After describing the plans laid for securing the young Duke and the Princess Elizabeth, he goes on to say “there were also courses taken for the satisfying of the people if the first had taken effect, as the speedy notice of Liberty and Freedom from all manner of Slavery, as the ceasing of Wardships and all Monopolies, which with change would have been more plausible to the people, if the first had been, than is now. There was also a course taken to have given present notice to all Princes, and to Associate them with an Oath answerable to the League in France.”Whether “all Princes”would have felt inclined “to associate” themselves “with an Oath”at the request of a band of assassins may be questioned.
Sir Everard, as well as Lady Digby, wrote to Salisbury; but his letters asked for fewer favours.
“If your Lordship,”he wrote,[361] “and the State think it fit to deal severely with the Catholics, within brief there will be massacres, rebellions, and desperate attempts against the King and State. For it is a general received reason among Catholics, that there is not that expecting and suffering course now to be run that was in the Queen’s time, who was the last of her line, and last in expectance to run violent courses against Catholics; for then it was hoped that the King that now is, would have been at least free from persecuting, as his promise was before coming into this realm, and as divers his promises have been since his coming. All these promises every man sees broken.”At the same time, he said that he[362] “will undertake to secure the Pope’s promise not to excommunicate the King, if he will deal mildly with Catholics.”As to plots against the king and the government, something of the kind, he declares, would have been contrived sooner, if the priests had not hindered it.

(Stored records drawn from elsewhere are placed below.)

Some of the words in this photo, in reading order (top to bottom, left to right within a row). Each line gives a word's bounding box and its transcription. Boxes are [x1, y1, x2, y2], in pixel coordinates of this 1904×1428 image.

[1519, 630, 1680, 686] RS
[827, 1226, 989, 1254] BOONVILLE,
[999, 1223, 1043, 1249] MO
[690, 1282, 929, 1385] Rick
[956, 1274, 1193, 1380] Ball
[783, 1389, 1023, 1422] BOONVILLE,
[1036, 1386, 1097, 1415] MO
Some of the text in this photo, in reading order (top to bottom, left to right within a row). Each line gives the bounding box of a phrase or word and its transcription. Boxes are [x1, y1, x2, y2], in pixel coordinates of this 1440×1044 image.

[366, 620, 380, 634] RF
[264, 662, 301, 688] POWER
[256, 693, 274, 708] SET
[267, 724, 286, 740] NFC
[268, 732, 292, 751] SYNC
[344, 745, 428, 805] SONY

An earlier letter written by him from the Tower,[363] is thus summarized:—“Sir Everard Digby to Salisbury. Is willing to tell all he knows, but can remember nothing more than he has already confessed, except that Catesby intended to send the Earls of Westmoreland and Derby to raise forces in the North, and would send information to France, Spain, Italy, etc., of their success. Begs that the King will have compassion on his family.”

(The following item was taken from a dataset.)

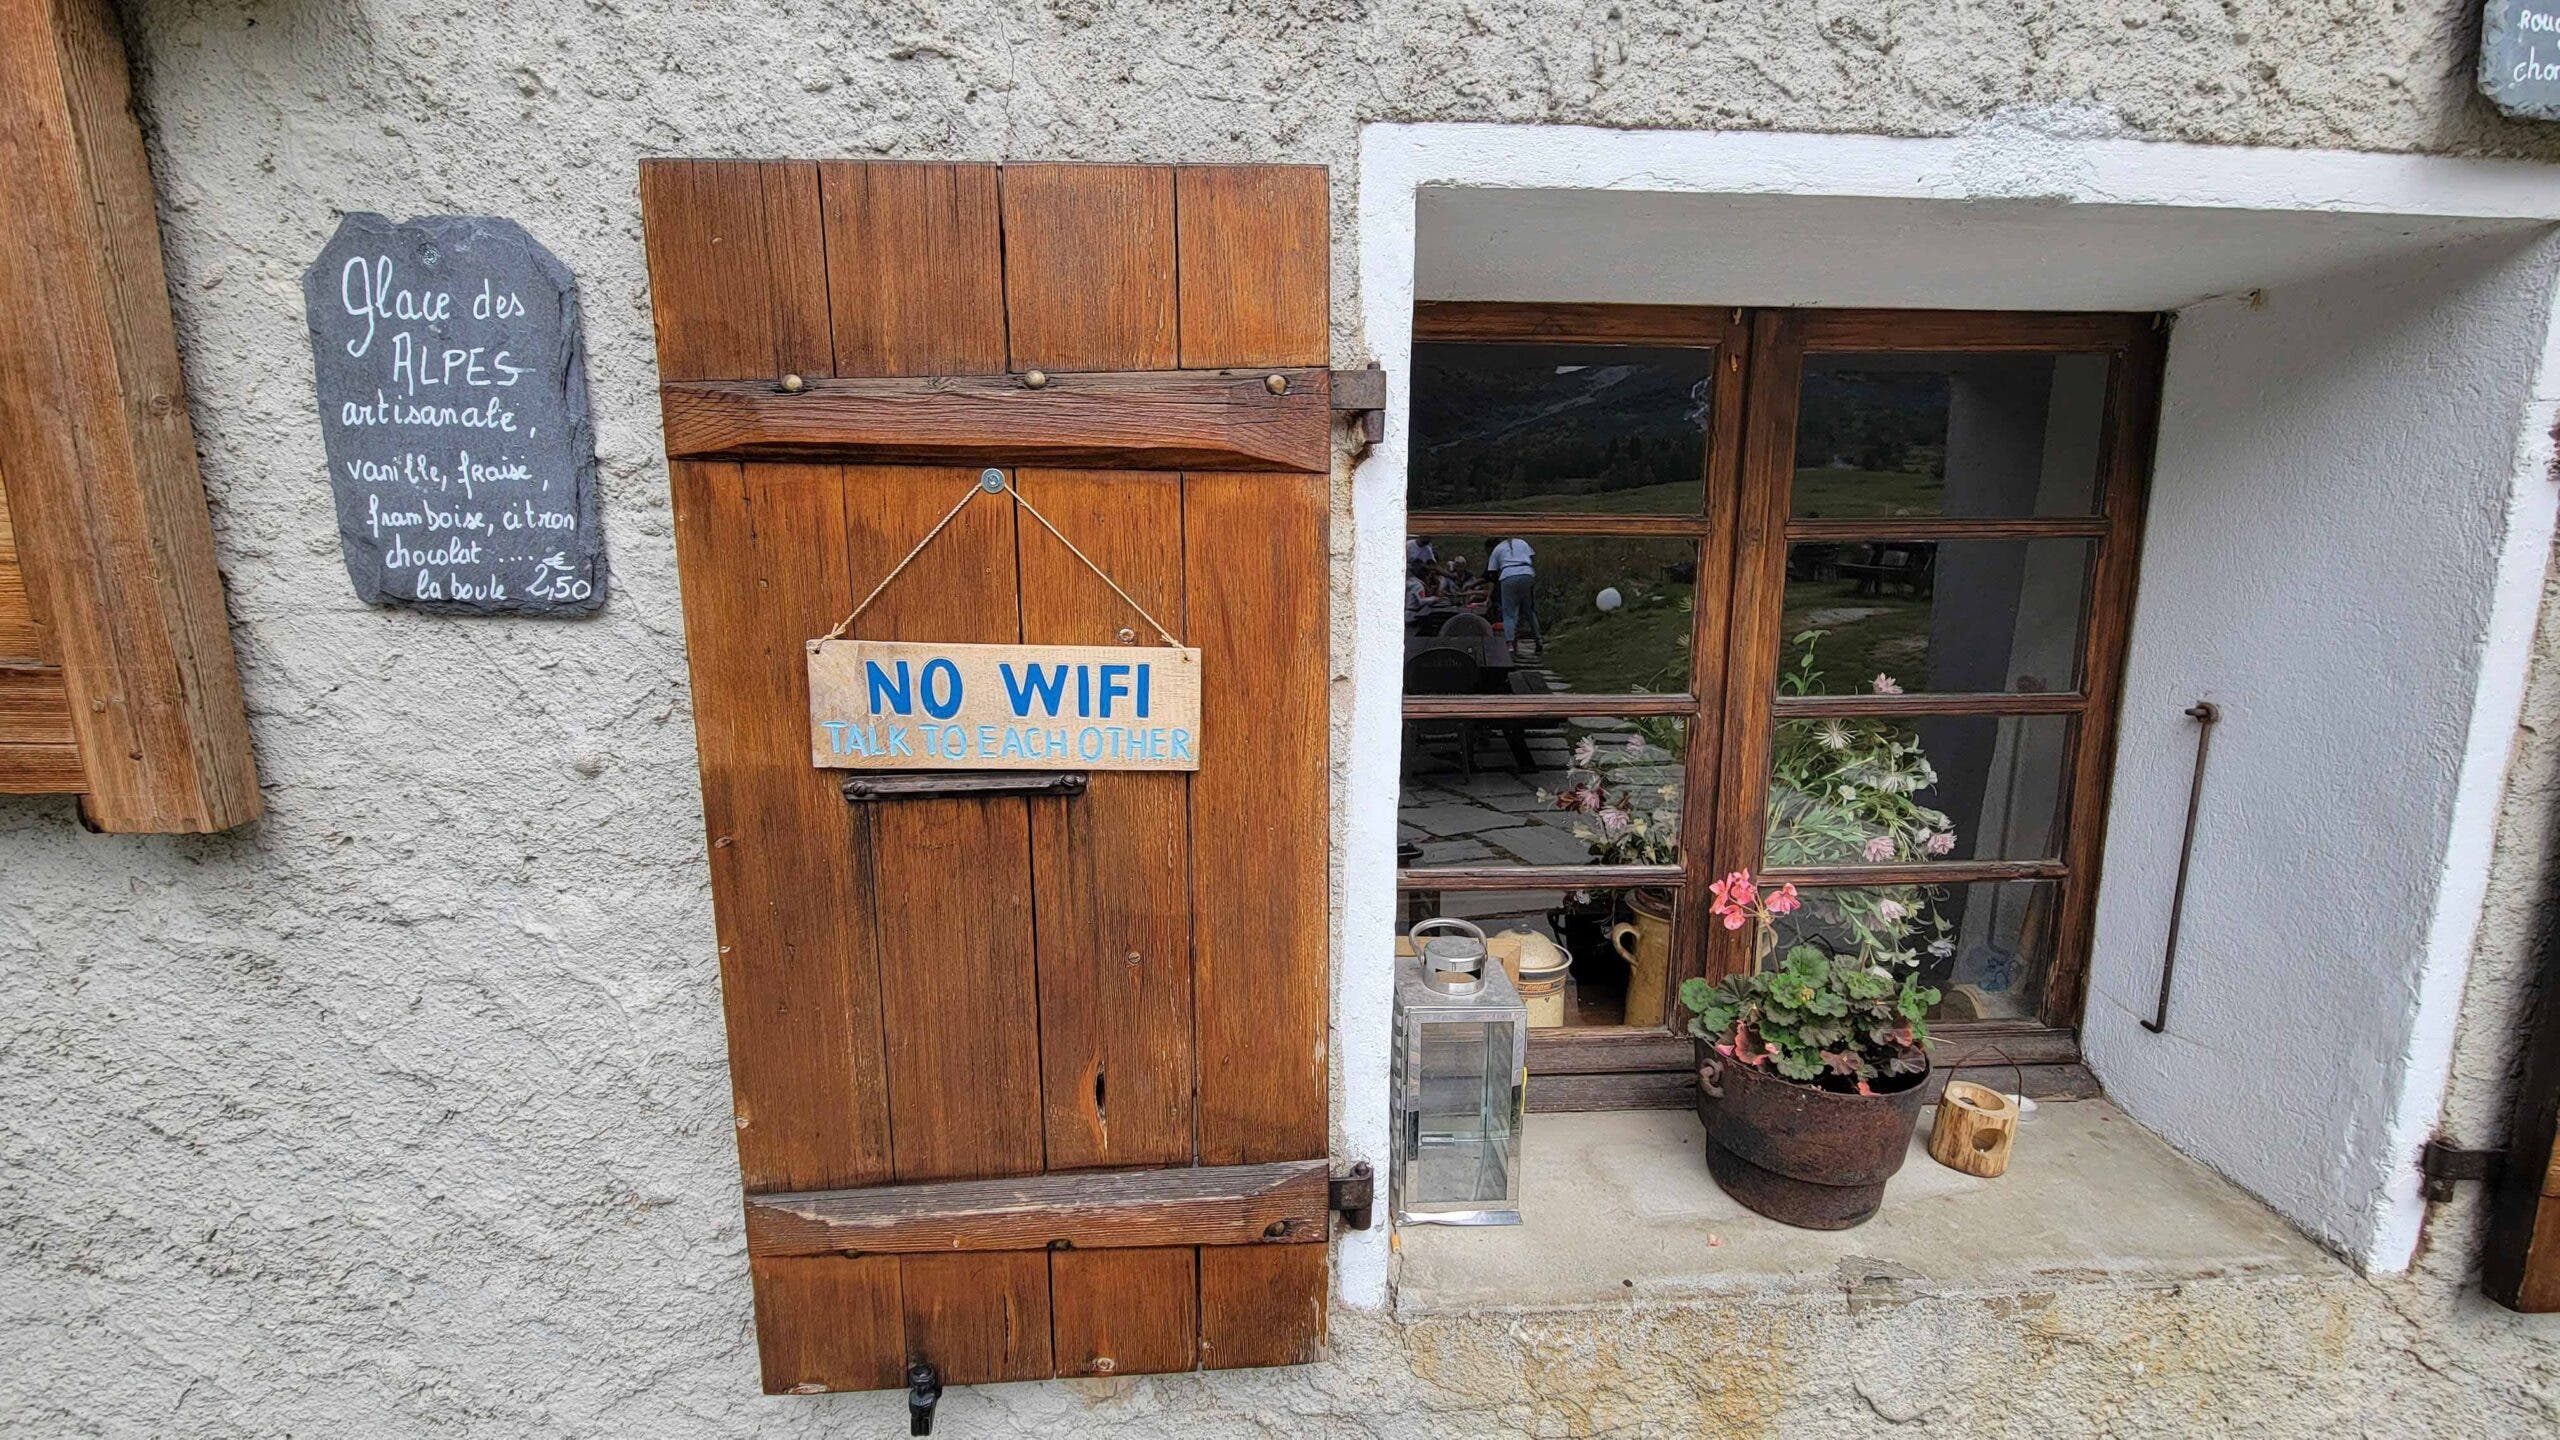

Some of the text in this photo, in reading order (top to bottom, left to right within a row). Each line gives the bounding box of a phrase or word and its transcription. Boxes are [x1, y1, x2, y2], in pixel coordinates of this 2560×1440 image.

Meanwhile examinations were constantly going on, not only of the prisoners in the Tower, but also of other persons, with regard to the Gunpowder Plot, and the correspondence on the subject was very large. Lord Salisbury wrote to the Lord Chancellor of Scotland,[364] assuring him that he “would rather die than be slack in searching the dregs of”the plot “to the bottom.” Lady Markham wrote to Salisbury, that[365] the “Plot hath taken deep and dangerous root”; that many will not believe “that holy and good man,”Father Gerard, had anything to do with it; and that Sir Everard Digby is the man from whom he must endeavour to obtain particulars about Walley—i.e., Father Garnet. Mrs Vaux was examined on the eighteenth of November, and she made no secret of Sir Everard having been a visitor at her house. Lady Lovel admitted knowing both Sir Everard and Catesby, though slightly. To have been a friend of Digby’s was now very dangerous. Servants and retainers of the conspirators were arrested in Worcestershire and Warwickshire, and there examined.